Wiratma menatap bocah itu, perlahan berdiri dengan tubuh gemetar. Ia mendekat, menatap cap jempol yang mulai memudar namun masih nyata. Di sampingnya, tanda tangan raja tua: Amangkurat.
“Bukan seperti,” bisik Wiratma. “Itu memang namamu.”
Lodra menggeleng. “Tak mungkin. Aku bukan siapa-siapa. Aku dibuang di pasar sejak kecil.”
Tapi Wiratma menatap wajah bocah itu, mengingat sesuatu. Hidungnya. Matanya. Lengkungan bibirnya. Bukan kebetulan.
“Ayahmu tewas malam itu. Ibunya menghilang. Tapi sebelum mereka diserang, seorang emban membawa bayi laki-laki keluar lewat terowongan belakang. Bayi itu punya tanda lahir di telapak kakinya—”
Lodra berdiri dengan panik. “Berhenti! Ini konyol!”
“Telapak kaki kirimu, ada tanda seperti bulan sabit, bukan?”
Lodra membeku.
Wiratma menunduk, menahan air mata. “Aku tahu karena aku yang mencatatnya. Aku yang menulis silsilah keluarga. Kau adalah pangeran terakhir yang sah.”
---
Hari mulai siang ketika mereka mendaki bukit kecil di luar kota, menuju reruntuhan gerbang lama istana Kartasura. Wiratma menggenggam gulungan naskah, Lodra masih diam sepanjang jalan.

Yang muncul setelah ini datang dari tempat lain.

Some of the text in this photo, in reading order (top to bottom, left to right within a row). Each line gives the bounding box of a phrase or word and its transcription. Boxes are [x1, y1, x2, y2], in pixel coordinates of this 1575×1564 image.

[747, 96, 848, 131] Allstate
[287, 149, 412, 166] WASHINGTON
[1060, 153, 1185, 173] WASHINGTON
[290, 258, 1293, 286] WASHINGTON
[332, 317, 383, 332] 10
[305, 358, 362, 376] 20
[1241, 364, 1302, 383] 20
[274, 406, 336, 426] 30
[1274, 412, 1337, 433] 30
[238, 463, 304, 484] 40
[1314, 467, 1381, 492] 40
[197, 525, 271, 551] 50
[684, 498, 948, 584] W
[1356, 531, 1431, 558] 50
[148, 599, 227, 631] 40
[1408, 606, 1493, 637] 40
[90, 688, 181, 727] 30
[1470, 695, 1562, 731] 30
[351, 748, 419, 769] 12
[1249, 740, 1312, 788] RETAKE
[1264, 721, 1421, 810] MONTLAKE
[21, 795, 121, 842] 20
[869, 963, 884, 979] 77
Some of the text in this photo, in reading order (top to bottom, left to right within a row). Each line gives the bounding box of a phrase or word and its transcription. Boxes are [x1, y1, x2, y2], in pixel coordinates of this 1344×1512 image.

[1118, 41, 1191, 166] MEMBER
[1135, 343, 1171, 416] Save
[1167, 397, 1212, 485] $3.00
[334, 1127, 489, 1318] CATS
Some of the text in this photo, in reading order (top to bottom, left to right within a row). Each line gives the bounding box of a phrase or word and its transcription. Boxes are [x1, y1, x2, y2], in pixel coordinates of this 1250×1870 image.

“Aku bukan raja,” ucap Lodra akhirnya. “Aku cuma bocah liar.”
“Tapi darahmu mengikat sumpah ini,” jawab Wiratma. “Dan negeri ini butuh seseorang yang tahu rasanya kelaparan dan ditindas. Bukan yang hanya tahu kemewahan.”
Lodra menatap langit. “Apa gunanya? Rakyat sudah melupakan segalanya. Sejarah dikubur.”
“Kalau begitu,” ucap Wiratma sambil menyerahkan naskah itu ke tangan Lodra, “kuburkan naskah ini. Atau… bangkitkan kebenaran darinya.”
Lodra menatap kertas tua itu. Di sana, cap jempol terakhir terlihat lebih pudar, tapi garis-garisnya masih bisa dikenali. Ia menatap jempol kanannya. Perlahan, ia menekannya ke tanah basah, lalu mencocokkannya di atas cap tua itu.
Sempurna.
---
Suara angin menyapu dedaunan. Di bawah langit Kartasura yang muram, seorang bocah berdiri menggenggam gulungan sejarah. Di sebelahnya, seorang tua tersenyum puas sebelum bersandar di batu dan menutup mata untuk terakhir kalinya.
Di tangan Lodra, naskah itu tak lagi sekadar bukti masa lalu. Tapi awal dari sesuatu yang baru.